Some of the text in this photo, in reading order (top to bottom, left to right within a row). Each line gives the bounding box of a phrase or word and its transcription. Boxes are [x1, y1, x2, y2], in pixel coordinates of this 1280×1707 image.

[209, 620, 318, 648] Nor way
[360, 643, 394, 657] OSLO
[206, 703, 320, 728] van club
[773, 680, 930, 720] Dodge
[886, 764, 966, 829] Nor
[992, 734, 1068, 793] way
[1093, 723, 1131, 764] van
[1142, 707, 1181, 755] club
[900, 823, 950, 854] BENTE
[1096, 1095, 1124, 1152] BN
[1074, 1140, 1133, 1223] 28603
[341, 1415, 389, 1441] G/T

■ **Your task**: Each line of the data above is to be duplicated exactly.

■ **Your solution**:
Some of the text in this photo, in reading order (top to bottom, left to right within a row). Each line gives the bounding box of a phrase or word and its transcription. Boxes are [x1, y1, x2, y2], in pixel coordinates of this 1280×1707 image.

[209, 620, 318, 648] Nor way
[360, 643, 394, 657] OSLO
[206, 703, 320, 728] van club
[773, 680, 930, 720] Dodge
[886, 764, 966, 829] Nor
[992, 734, 1068, 793] way
[1093, 723, 1131, 764] van
[1142, 707, 1181, 755] club
[900, 823, 950, 854] BENTE
[1096, 1095, 1124, 1152] BN
[1074, 1140, 1133, 1223] 28603
[341, 1415, 389, 1441] G/T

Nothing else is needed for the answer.